<<<<
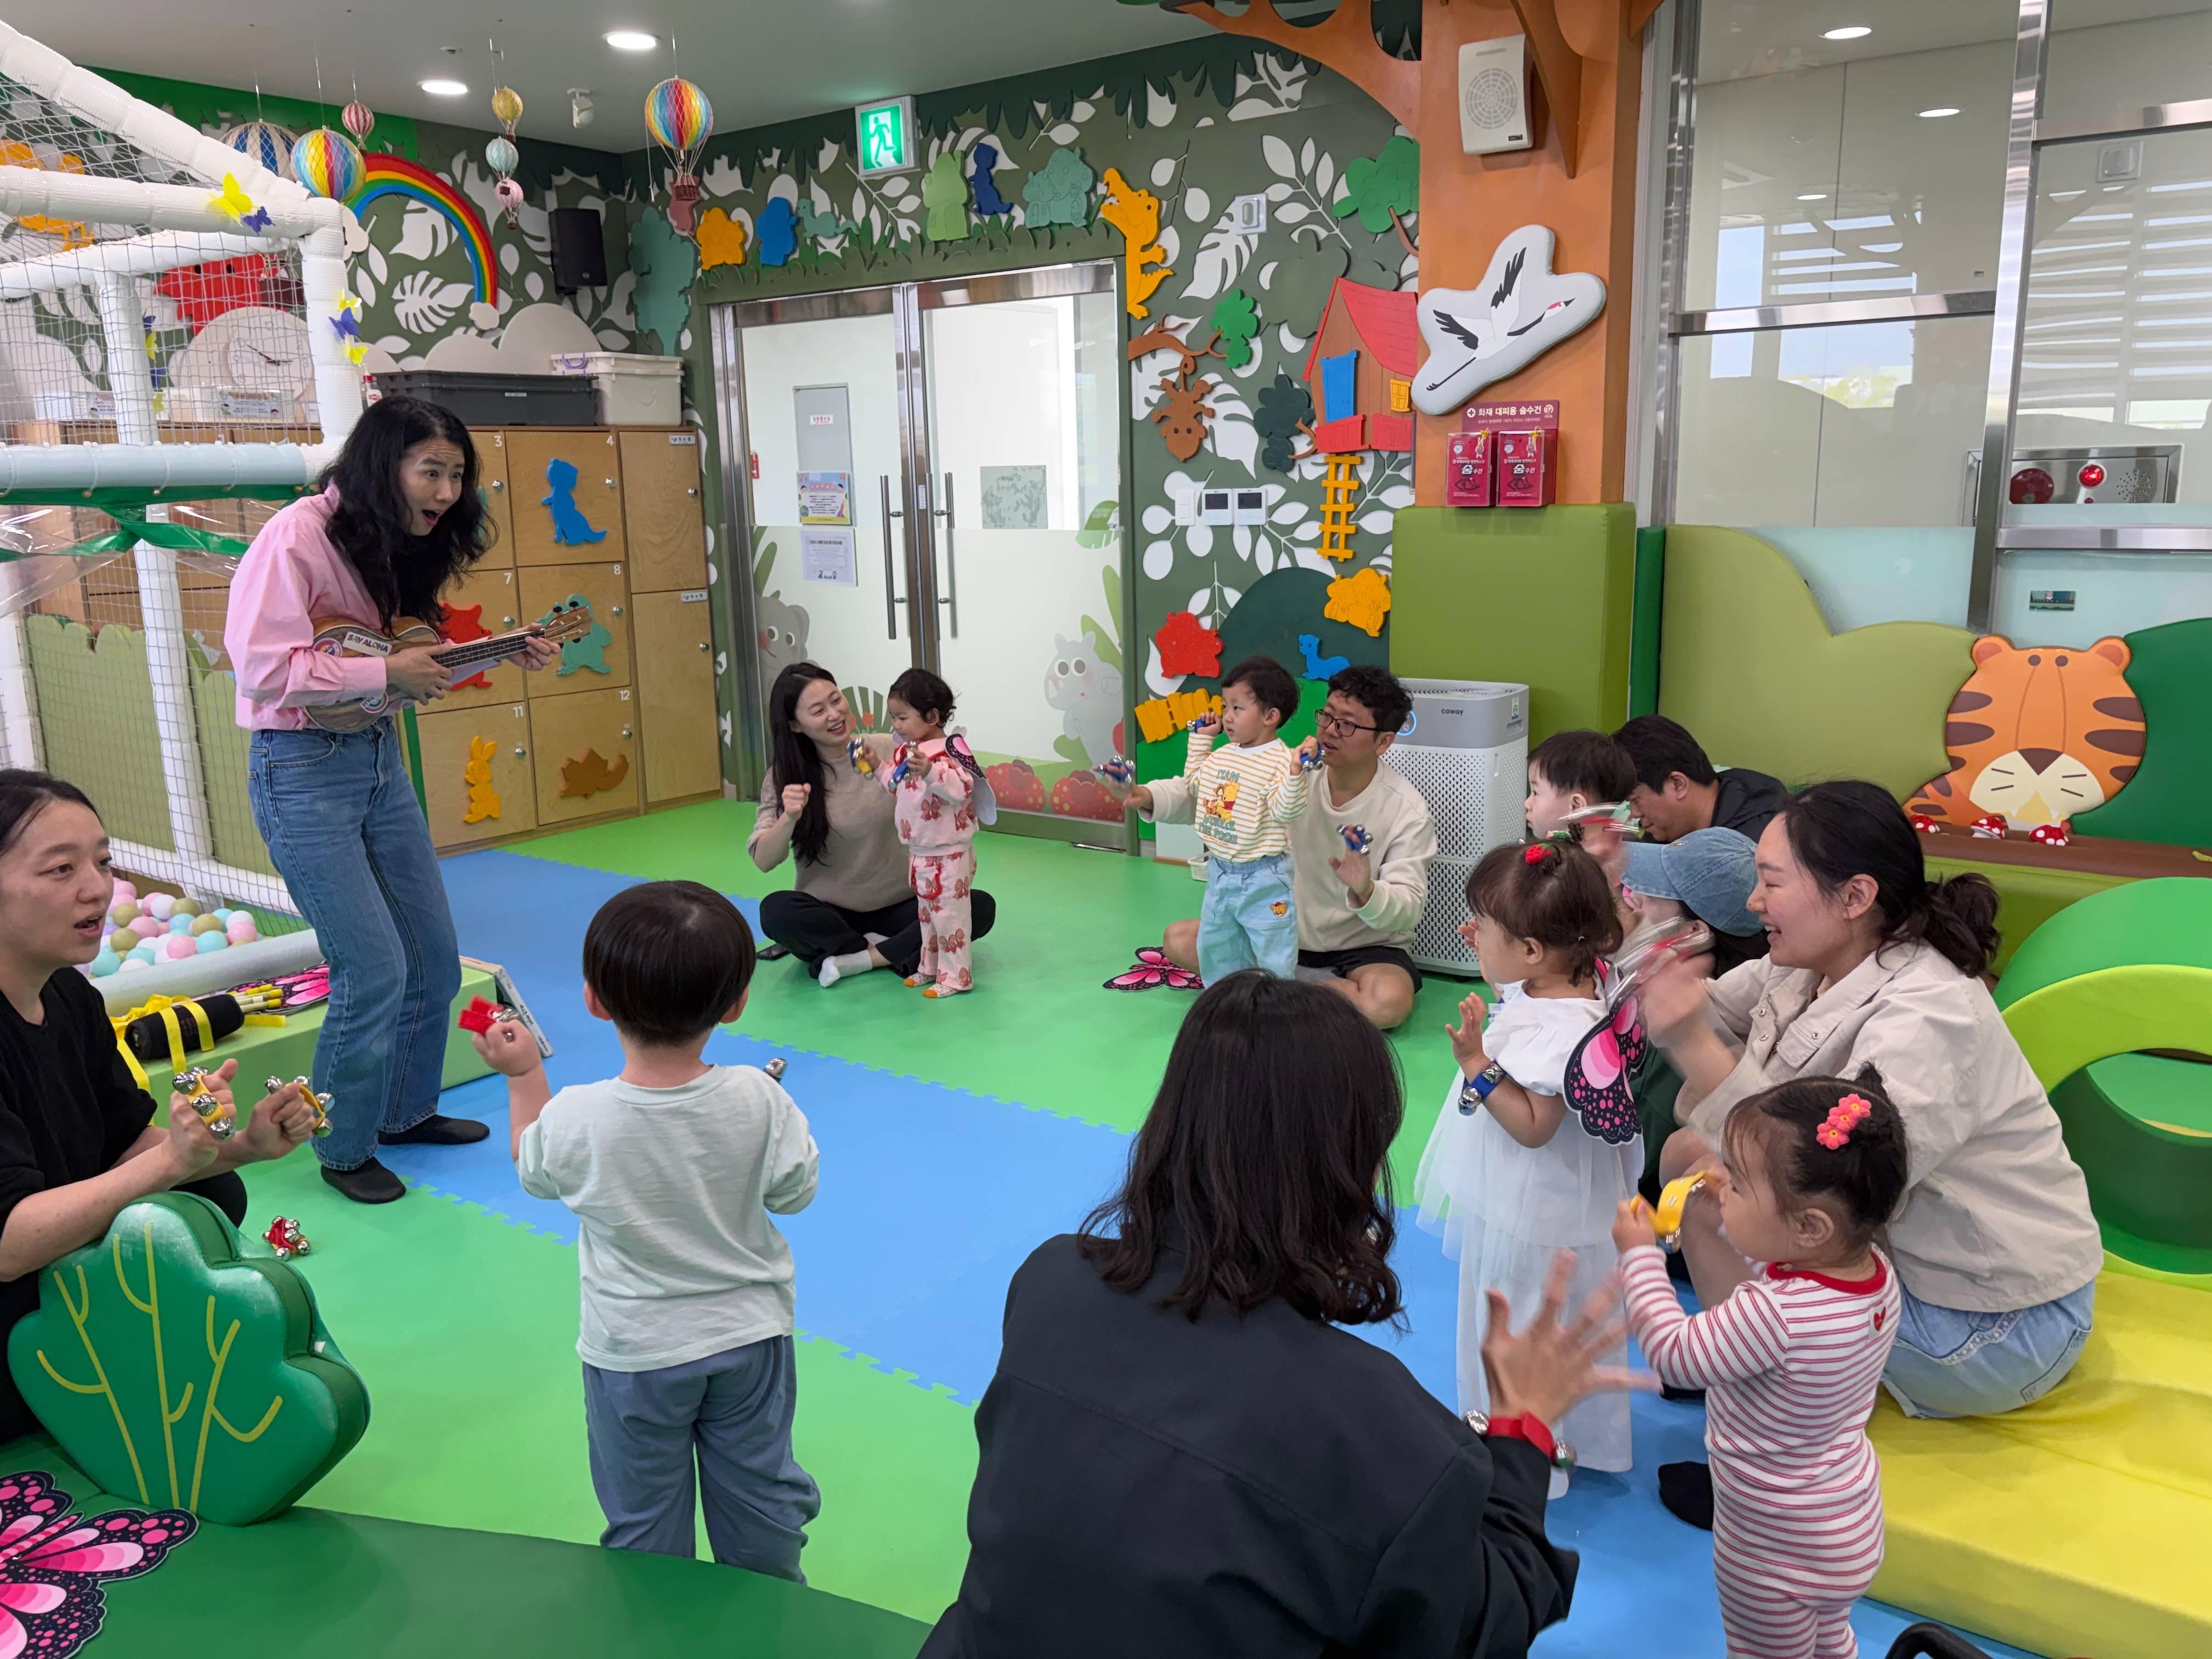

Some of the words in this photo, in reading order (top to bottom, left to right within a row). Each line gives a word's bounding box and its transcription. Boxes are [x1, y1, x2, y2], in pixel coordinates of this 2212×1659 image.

[1478, 408, 1493, 416] 화재
[1495, 407, 1517, 416] 대피용
[1519, 405, 1542, 415] 숨수건
[494, 435, 503, 447] 3
[606, 435, 614, 446] 4
[614, 565, 620, 575] 8
[504, 573, 512, 584] 7
[347, 634, 364, 645] SAY
[363, 639, 388, 652] ALOHA
[619, 690, 630, 701] 12
[513, 706, 523, 718] 11
[1216, 769, 1240, 782] TEAM
[1199, 822, 1212, 836] THE
[1214, 828, 1238, 844] POOH
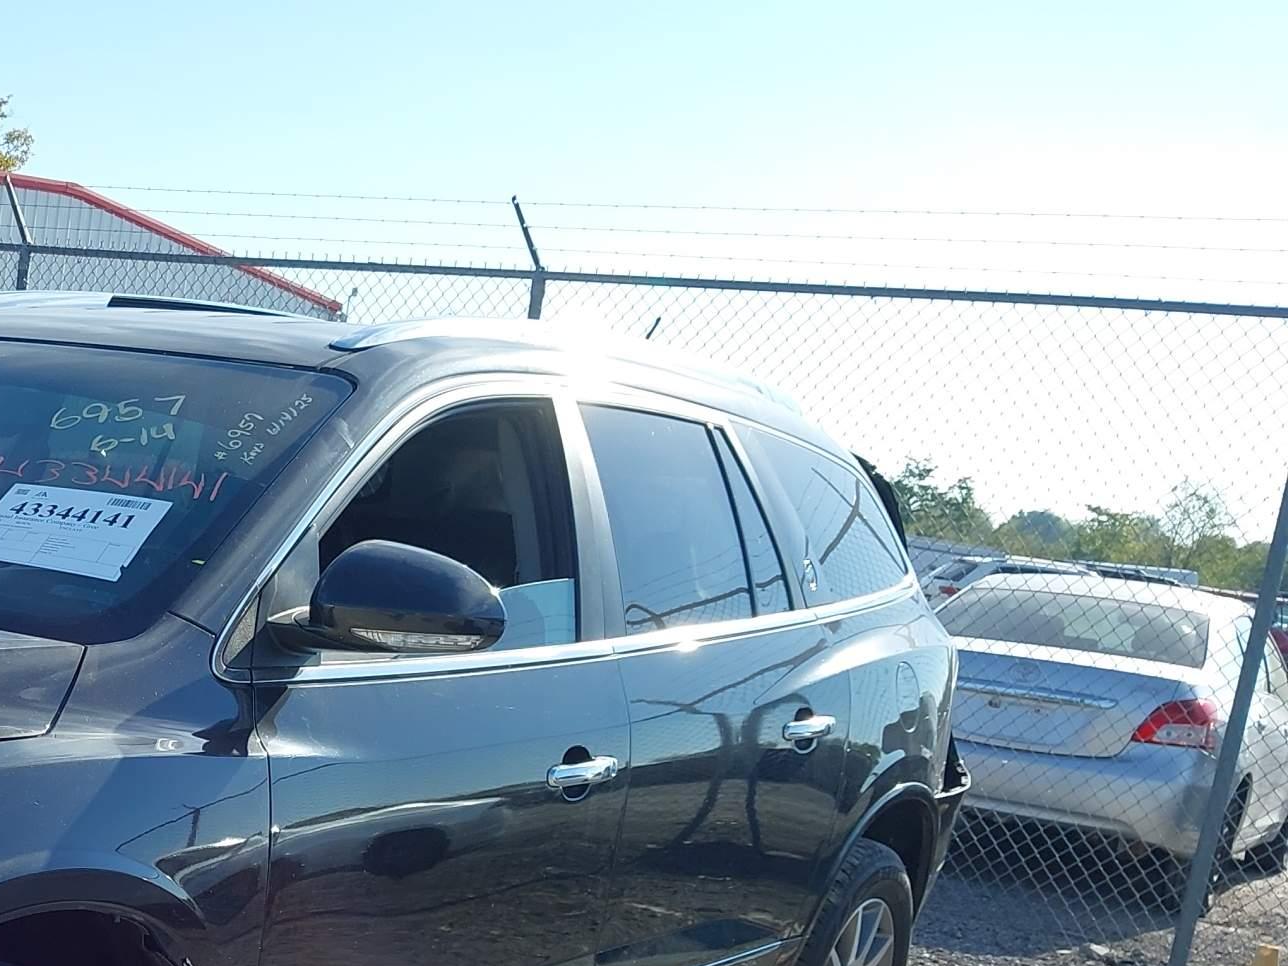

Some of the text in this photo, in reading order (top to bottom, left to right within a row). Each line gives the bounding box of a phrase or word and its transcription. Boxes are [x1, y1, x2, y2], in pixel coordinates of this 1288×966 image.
>>>>
Only the records themselves, retyped exactly, belong in the answer; please leave all images behind.

Some of the words in this photo, in reading order (top to bottom, left to right within a row). Each line gives a word's bounding box and its transcription. Boxes are [x1, y1, x2, y2], in pixel coordinates of this 2212×1659 image.

[1478, 408, 1493, 416] 화재
[1495, 407, 1517, 416] 대피용
[1519, 405, 1542, 415] 숨수건
[494, 435, 503, 447] 3
[606, 435, 614, 446] 4
[614, 565, 620, 575] 8
[504, 573, 512, 584] 7
[347, 634, 364, 645] SAY
[363, 639, 388, 652] ALOHA
[619, 690, 630, 701] 12
[513, 706, 523, 718] 11
[1216, 769, 1240, 782] TEAM
[1199, 822, 1212, 836] THE
[1214, 828, 1238, 844] POOH

Some of the text in this photo, in reading order (top to bottom, left to right within a row). Each line gives the bounding box of a phrase or word and its transcription. Boxes are [x1, y1, x2, y2], in pixel coordinates of this 1288×966 image.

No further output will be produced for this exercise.